Gift to everyone. Today we will talk about something unclear, namely what AMD GPU Scaling is. The name suggests scaling, but what exactly? GPU is probably GP, which means graphics processor. In short, I won’t guess, I went to the Internet and looked for information there. Guys, the first information is already there. It seems that this is adjusting the resolution of games to the resolution of Monica. In short, it seems like a useful thing, but you need to check it in practice so that the picture is not blurry and is comfortable for perception. That is, you need to enable GPU Scaling, then disable it, compare, in short, experiment like...

I can’t really understand what GPU Scaling is. But I understood for sure that if Monik is not quite standard or even the game is some kind of abstruse, then there may be black stripes on the sides, you know? Well, GPU Scaling seems to be able to fix this, but how? But here I don’t know, it can stretch the picture, but whether it’s done well or not, this needs to be checked...

Guys, I only understood one thing: GPU Scaling can help when there are some problems with resolution. For example, in the game the stripes are black on the sides. I couldn’t find a specific definition on the Internet for this, sorry.

So guys, I’m still looking for more information, because I need to figure out a little bit about what it is. So one person writes that if you enable GPU Scaling, the picture becomes better than if you enable Scaling to Display. Another person writes that there are no problems with stretching; many monitors have an option to display: full screen or in format. And then people also write that where there is no such option, you can enable GPU Scaling. That is, again, GPU scaling is something like adjusting the game to the monique so that the game fills the entire monique and so that there are no black bars on the sides. I understood everything exactly like that, but maybe I'm wrong...

One person on the Steam forum writes that he used to play with an NVIDIA video card and could stretch the resolution, but now he has an AMD video card and cannot stretch the resolution. And here’s one person’s answer: that he would enable GPU Scaling. So again we conclude that GPU scaling is for stretching the resolution.

I found a picture, I know it’s a little hard to see here, sorry for that, but it seems like this particular setting is displayed here: GPU scaling, look:

Guys, I don't know what to say anymore. One thing I understood is that GPU Scaling is an option to tweak the resolution when the game has black bars on the sides. Whether to enable the option or not, it all depends on your gameplay, if there are no stripes, then you don’t need to turn them on, but if there are, then you can try, maybe it will get better. That's all, good luck guys and positive vibes!

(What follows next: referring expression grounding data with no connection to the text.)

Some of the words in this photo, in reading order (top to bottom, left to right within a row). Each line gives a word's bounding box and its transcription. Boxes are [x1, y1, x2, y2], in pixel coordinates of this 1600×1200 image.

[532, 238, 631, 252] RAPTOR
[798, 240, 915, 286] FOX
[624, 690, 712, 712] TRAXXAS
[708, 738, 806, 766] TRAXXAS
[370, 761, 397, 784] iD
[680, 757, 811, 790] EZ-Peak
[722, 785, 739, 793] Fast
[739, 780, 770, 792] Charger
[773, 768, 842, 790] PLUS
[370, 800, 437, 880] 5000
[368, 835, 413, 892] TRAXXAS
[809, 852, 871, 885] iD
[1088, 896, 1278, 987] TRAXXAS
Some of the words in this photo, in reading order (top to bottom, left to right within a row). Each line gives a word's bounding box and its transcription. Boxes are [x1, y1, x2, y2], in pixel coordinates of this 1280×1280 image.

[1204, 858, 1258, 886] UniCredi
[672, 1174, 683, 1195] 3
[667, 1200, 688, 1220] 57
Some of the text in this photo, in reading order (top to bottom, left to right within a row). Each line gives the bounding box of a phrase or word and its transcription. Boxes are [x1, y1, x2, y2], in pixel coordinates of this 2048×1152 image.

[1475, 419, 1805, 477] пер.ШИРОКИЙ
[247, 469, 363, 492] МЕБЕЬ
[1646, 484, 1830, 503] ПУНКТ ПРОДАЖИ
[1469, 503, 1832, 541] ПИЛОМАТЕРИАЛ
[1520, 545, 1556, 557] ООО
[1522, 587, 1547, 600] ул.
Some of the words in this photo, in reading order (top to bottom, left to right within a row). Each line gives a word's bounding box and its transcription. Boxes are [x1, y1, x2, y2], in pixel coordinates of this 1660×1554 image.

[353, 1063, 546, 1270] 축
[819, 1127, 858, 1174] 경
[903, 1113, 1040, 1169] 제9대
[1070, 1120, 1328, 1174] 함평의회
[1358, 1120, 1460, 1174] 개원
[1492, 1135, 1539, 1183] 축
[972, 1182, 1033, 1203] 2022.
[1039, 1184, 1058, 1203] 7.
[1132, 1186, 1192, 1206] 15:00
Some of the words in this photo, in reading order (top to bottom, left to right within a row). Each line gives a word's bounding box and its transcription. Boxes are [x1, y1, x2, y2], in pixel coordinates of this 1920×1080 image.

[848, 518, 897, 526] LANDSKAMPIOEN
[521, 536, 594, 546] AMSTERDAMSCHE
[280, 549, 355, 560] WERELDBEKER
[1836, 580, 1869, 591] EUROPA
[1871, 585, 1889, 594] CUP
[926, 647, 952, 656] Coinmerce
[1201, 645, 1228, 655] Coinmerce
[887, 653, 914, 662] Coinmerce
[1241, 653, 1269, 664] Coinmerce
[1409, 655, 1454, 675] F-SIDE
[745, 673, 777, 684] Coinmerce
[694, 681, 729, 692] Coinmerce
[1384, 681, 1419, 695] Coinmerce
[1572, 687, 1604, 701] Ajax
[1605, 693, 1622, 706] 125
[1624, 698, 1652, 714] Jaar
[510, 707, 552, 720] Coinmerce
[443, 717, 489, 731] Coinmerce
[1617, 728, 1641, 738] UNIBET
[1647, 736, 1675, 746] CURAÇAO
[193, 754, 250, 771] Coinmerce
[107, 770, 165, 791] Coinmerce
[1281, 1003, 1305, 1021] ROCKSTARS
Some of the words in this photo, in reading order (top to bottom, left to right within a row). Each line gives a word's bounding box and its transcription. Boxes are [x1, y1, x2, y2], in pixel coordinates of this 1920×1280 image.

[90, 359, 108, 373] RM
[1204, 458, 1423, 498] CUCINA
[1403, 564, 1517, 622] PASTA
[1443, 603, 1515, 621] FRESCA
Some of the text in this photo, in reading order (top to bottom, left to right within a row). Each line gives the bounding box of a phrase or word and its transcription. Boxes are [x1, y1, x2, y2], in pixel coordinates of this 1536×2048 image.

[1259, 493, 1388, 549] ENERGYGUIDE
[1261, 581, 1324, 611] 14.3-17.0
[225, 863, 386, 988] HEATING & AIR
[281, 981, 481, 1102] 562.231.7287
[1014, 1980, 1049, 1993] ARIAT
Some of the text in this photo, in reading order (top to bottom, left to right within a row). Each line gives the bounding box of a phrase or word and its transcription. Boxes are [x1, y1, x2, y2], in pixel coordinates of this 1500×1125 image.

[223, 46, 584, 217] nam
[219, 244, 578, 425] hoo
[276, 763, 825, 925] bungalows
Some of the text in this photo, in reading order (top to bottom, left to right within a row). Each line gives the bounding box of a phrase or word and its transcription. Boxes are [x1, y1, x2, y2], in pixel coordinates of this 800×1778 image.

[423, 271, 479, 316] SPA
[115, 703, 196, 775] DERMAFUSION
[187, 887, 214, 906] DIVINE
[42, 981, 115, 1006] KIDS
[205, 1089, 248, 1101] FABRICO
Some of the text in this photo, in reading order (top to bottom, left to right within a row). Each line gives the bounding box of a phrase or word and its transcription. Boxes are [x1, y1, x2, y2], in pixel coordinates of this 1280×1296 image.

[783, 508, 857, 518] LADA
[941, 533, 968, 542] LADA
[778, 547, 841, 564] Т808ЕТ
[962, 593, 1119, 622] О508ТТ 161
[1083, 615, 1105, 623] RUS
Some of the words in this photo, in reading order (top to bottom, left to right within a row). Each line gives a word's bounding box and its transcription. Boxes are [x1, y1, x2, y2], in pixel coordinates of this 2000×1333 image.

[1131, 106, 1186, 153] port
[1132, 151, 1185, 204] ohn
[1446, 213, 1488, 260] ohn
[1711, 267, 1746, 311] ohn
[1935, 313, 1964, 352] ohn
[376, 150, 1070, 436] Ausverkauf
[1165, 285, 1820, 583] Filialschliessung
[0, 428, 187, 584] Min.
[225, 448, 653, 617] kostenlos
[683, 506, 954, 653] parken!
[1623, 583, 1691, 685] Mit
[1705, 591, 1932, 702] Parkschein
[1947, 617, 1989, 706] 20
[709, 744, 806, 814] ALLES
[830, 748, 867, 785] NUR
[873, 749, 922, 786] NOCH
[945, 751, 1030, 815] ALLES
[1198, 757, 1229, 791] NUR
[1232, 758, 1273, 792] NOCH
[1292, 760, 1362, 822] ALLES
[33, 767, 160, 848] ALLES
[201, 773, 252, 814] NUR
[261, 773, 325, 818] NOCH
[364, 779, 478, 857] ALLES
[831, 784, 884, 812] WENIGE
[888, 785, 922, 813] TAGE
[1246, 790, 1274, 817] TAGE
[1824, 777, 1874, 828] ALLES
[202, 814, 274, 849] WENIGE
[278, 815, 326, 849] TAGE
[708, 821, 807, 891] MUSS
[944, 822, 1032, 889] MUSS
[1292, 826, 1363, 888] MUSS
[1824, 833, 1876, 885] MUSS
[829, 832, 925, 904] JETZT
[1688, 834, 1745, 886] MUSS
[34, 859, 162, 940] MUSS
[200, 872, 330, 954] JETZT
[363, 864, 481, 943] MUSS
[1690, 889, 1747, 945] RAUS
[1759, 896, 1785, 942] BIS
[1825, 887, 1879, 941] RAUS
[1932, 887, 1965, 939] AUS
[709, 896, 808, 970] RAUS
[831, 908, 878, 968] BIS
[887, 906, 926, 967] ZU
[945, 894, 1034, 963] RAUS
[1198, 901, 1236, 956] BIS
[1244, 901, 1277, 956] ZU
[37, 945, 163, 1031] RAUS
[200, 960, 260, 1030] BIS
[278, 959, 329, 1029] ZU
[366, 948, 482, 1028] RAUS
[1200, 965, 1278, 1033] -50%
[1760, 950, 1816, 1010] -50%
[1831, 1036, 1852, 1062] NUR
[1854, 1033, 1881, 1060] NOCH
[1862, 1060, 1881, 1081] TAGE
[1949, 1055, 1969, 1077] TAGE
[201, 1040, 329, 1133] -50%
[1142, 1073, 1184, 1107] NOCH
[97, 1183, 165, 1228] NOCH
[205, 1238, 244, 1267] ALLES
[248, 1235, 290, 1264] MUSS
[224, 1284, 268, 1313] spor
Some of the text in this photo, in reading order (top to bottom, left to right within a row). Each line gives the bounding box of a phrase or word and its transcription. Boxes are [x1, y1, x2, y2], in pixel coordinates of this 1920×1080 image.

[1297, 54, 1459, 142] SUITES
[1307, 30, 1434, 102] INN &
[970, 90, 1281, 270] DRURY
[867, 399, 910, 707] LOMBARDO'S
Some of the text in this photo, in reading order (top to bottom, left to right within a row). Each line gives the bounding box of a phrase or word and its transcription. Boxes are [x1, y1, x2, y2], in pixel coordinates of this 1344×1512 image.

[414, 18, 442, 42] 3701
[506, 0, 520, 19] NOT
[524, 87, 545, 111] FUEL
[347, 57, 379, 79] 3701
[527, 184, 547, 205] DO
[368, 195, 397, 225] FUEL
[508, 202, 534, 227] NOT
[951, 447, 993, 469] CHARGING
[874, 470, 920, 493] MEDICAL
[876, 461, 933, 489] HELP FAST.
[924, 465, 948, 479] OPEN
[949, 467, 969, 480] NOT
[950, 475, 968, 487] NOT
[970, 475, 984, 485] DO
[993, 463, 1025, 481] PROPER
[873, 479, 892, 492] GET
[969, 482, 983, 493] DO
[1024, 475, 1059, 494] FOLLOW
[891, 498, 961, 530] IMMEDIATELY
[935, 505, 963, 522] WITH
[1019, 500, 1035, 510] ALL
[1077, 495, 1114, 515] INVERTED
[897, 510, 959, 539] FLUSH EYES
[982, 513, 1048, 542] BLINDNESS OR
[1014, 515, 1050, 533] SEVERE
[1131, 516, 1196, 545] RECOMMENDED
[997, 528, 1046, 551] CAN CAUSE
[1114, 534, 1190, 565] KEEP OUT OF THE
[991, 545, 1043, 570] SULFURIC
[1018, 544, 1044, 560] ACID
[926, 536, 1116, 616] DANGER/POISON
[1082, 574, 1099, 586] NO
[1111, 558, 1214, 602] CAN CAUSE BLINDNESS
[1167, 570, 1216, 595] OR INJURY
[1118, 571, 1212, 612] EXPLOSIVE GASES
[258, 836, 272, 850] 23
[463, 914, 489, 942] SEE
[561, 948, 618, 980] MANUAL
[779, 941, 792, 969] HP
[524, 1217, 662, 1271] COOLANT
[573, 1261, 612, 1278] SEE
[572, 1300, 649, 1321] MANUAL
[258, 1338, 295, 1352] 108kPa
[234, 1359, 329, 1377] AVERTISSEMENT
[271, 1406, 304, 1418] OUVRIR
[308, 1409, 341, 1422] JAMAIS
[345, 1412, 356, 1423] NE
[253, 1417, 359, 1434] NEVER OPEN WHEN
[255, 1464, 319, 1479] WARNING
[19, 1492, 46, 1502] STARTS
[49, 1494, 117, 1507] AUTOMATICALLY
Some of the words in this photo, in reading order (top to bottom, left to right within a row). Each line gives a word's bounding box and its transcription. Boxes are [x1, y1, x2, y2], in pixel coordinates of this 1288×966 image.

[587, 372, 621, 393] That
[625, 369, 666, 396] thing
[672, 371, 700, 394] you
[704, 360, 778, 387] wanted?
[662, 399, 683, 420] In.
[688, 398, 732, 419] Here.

From settings screen resolution The clarity of text and images depends. Typically, the larger the diagonal of the monitor, the higher the screen resolution (DPI) it supports. However, the ability to increase screen resolution is also affected by the video adapter (video card).

As stated above, more high screen resolutions details look sharper. This is especially noticeable on LCD monitors. desktop computers and laptops. On such monitors, the clearest picture is obtained when setting the so-called own or "native" screen resolution. In this case, one pixel (point) on the screen corresponds to one physical pixel on the monitor.

With CRT monitors the picture is somewhat different. There the screen resolution is lower (often 1024 x 768 pixels) and the setting of a “non-native” screen resolution is not so noticeable due to the peculiarities of the image output technology.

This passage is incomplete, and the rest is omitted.